Prompt
I'd like every entry transcribed word for word, with no pictures.

[Annotated photo localization data]
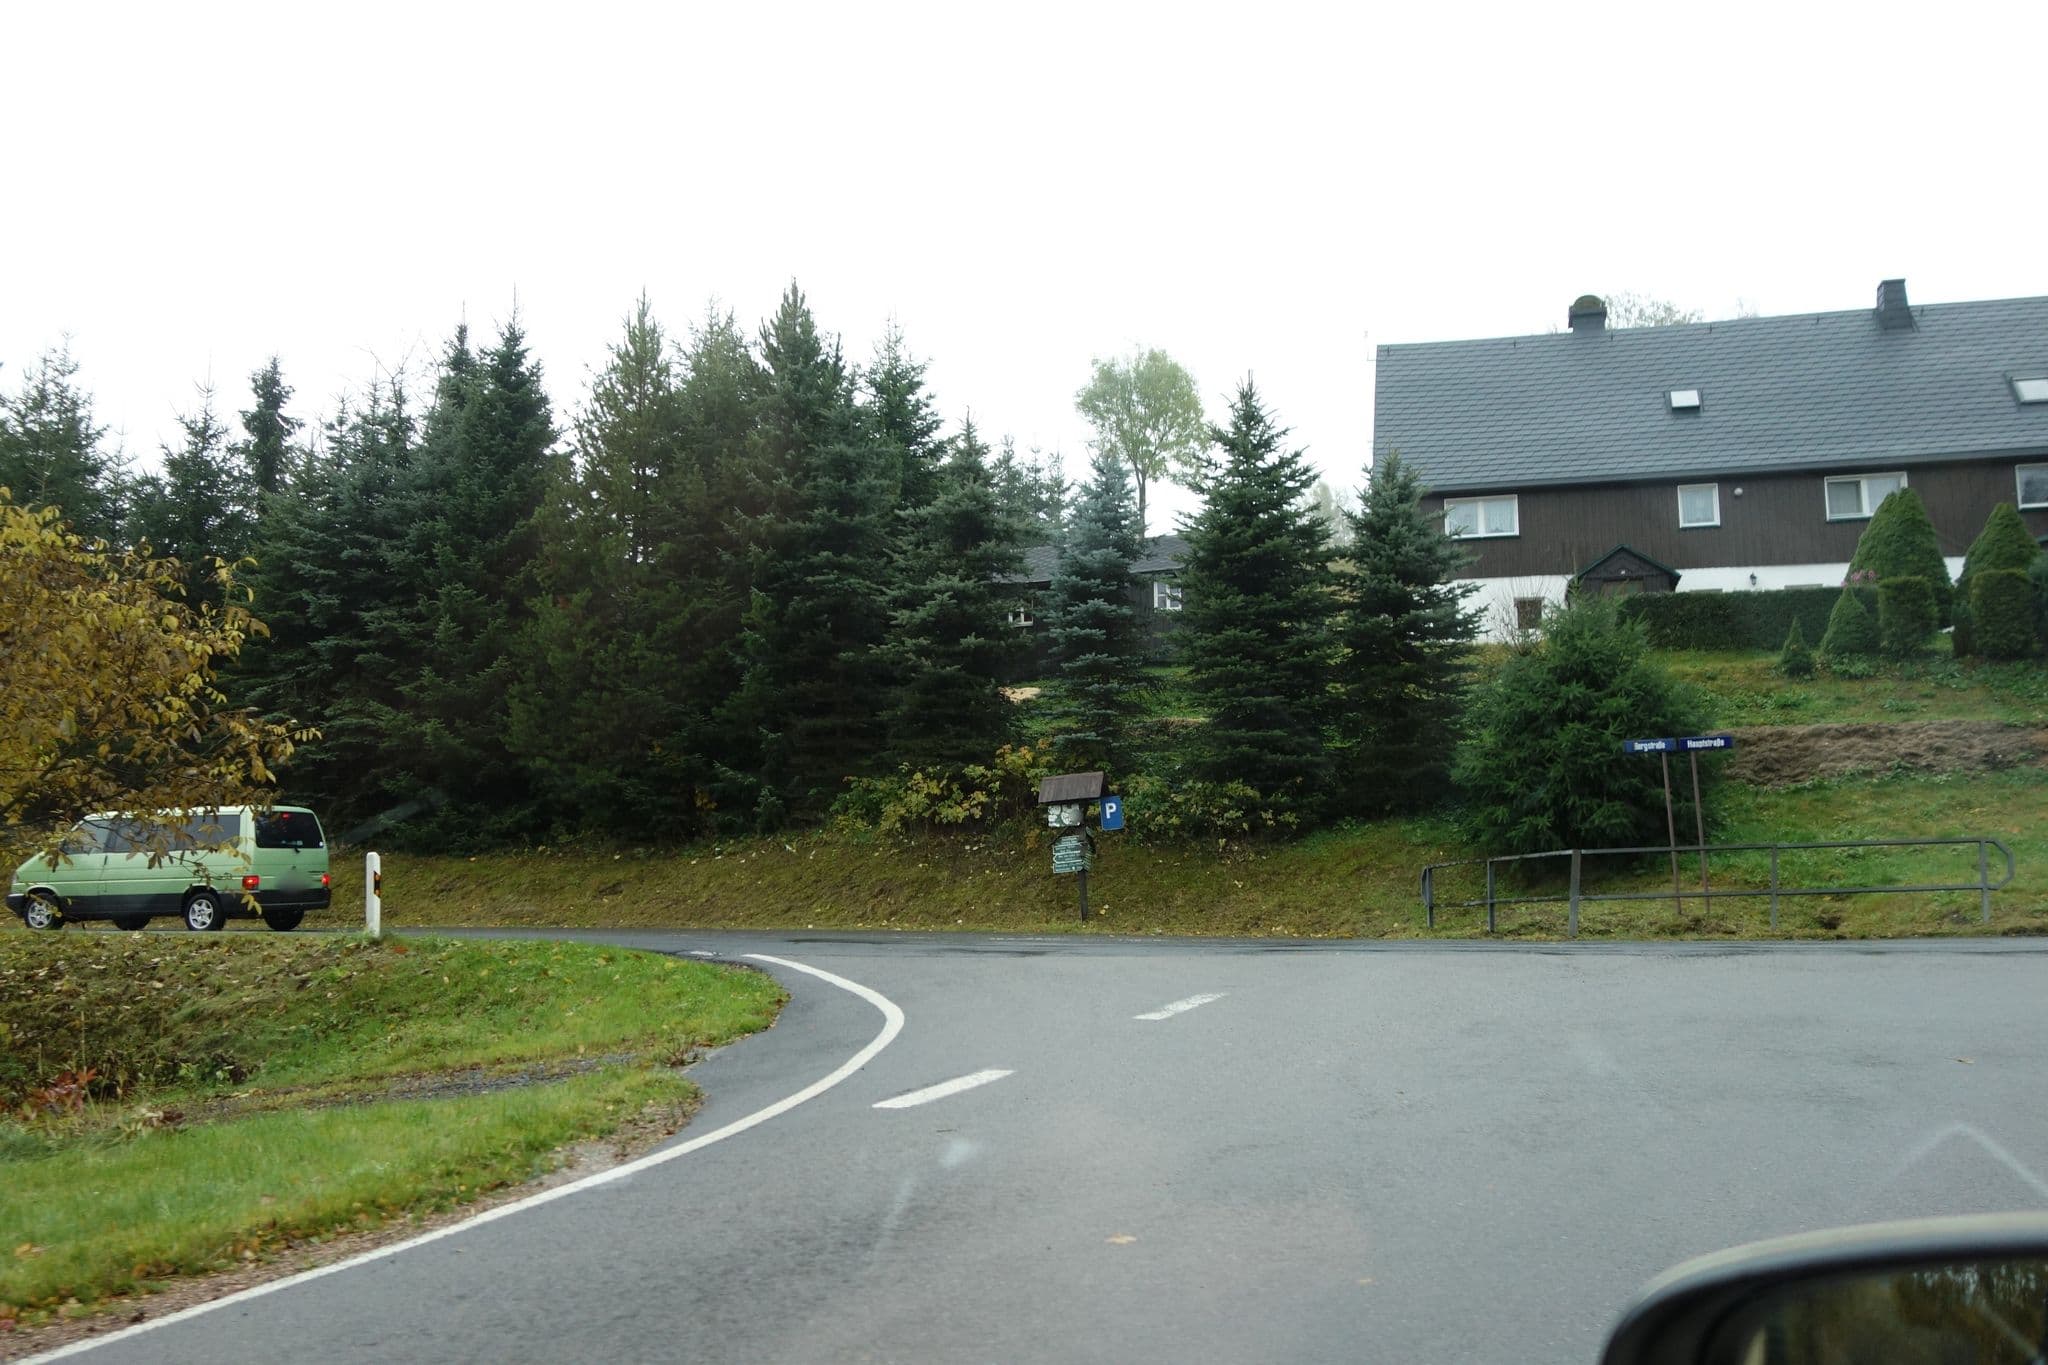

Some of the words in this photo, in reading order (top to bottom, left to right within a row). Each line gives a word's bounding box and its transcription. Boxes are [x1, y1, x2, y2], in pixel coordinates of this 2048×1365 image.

[1634, 741, 1665, 752] Bergstraße
[1687, 738, 1724, 748] Hauptstraße
[1105, 802, 1117, 819] P
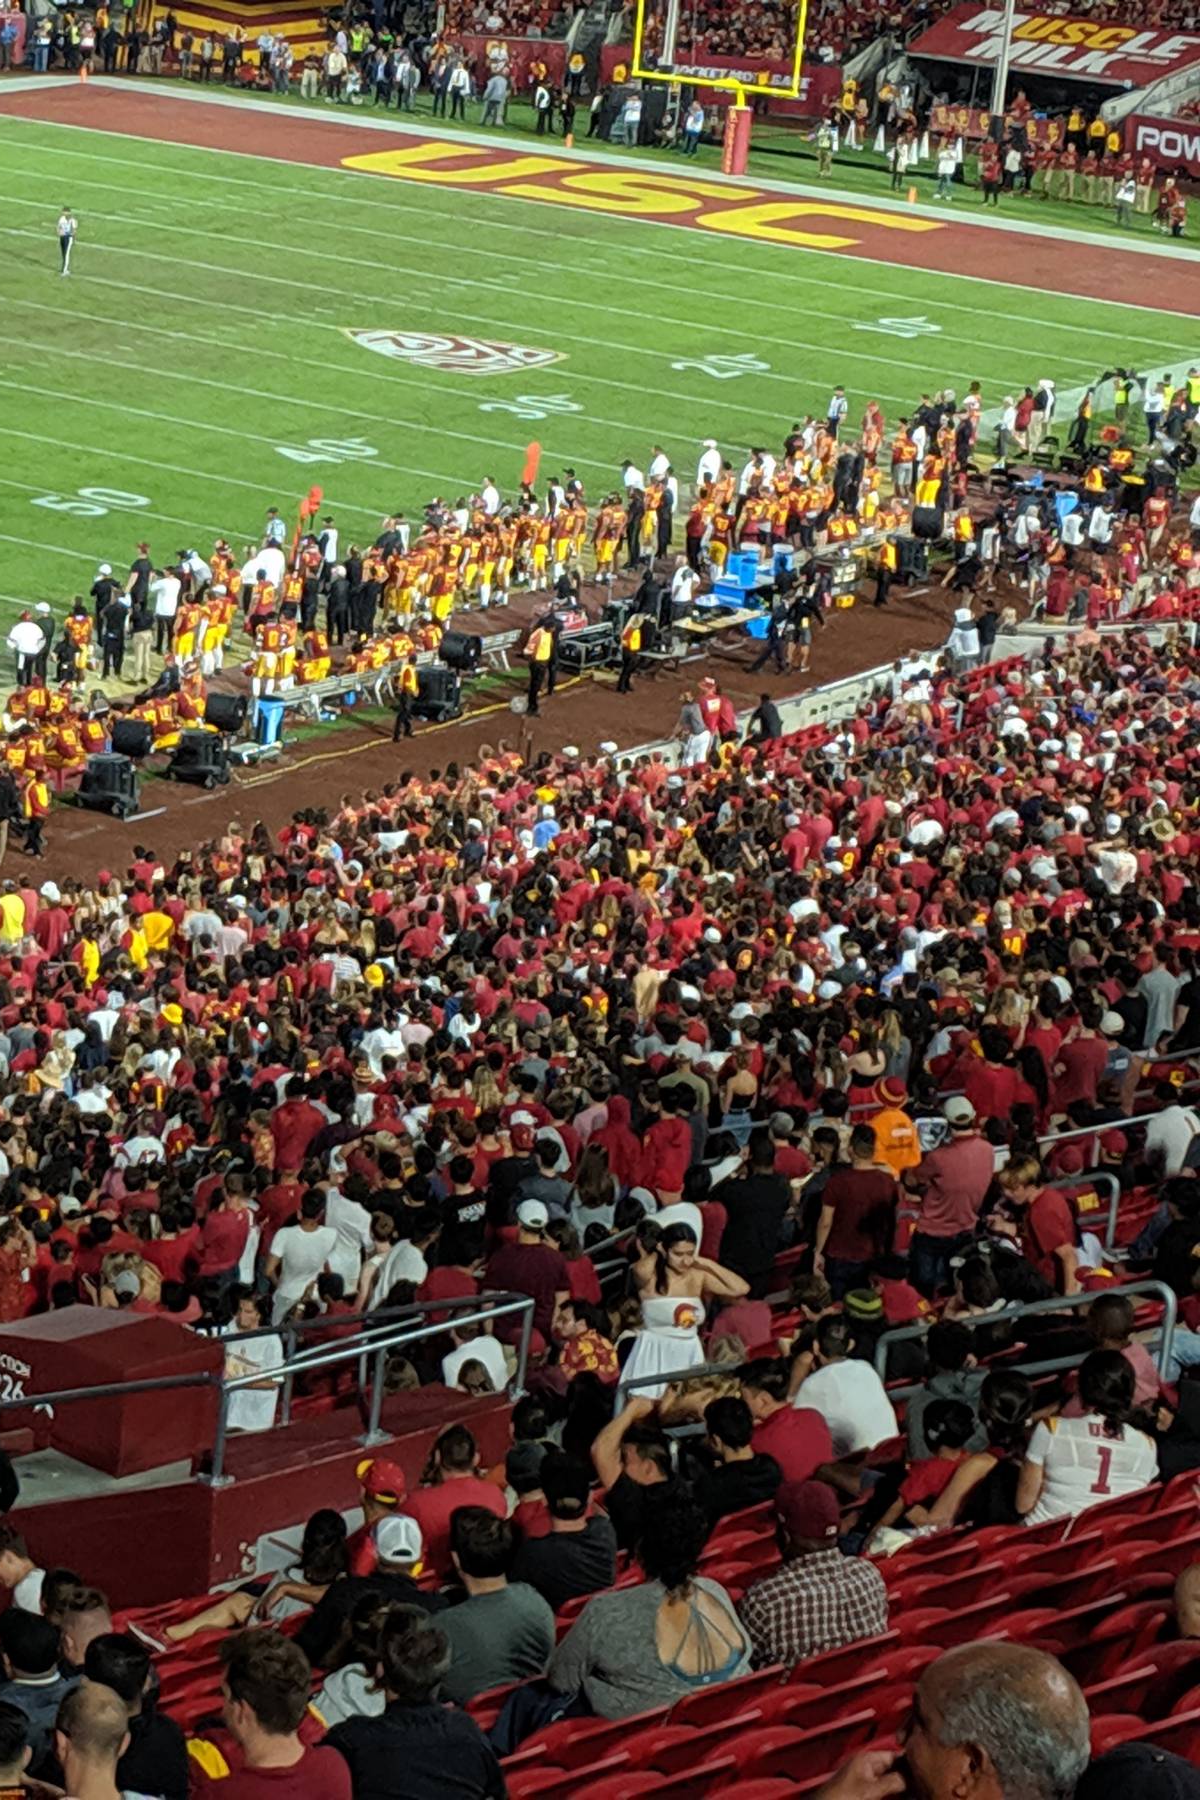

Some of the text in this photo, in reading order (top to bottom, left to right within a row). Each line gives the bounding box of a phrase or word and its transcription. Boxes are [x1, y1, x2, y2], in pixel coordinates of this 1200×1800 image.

[965, 37, 1127, 73] MILK
[341, 142, 947, 249] USC
[671, 353, 771, 379] 20
[478, 392, 584, 420] 30
[274, 437, 380, 464] 40
[30, 487, 152, 516] 50
[1090, 1446, 1112, 1494] 1

Reply
Some of the words in this photo, in reading order (top to bottom, left to right within a row). Each line gives a word's bounding box and its transcription. Boxes are [x1, y1, x2, y2], in pixel coordinates of this 2048×1365 image.

[1634, 741, 1665, 752] Bergstraße
[1687, 738, 1724, 748] Hauptstraße
[1105, 802, 1117, 819] P

Some of the text in this photo, in reading order (top to bottom, left to right within a row). Each line gives the bounding box of a phrase or word and its transcription. Boxes are [x1, y1, x2, y2], in pixel coordinates of this 1200×1800 image.

[965, 37, 1127, 73] MILK
[341, 142, 947, 249] USC
[671, 353, 771, 379] 20
[478, 392, 584, 420] 30
[274, 437, 380, 464] 40
[30, 487, 152, 516] 50
[1090, 1446, 1112, 1494] 1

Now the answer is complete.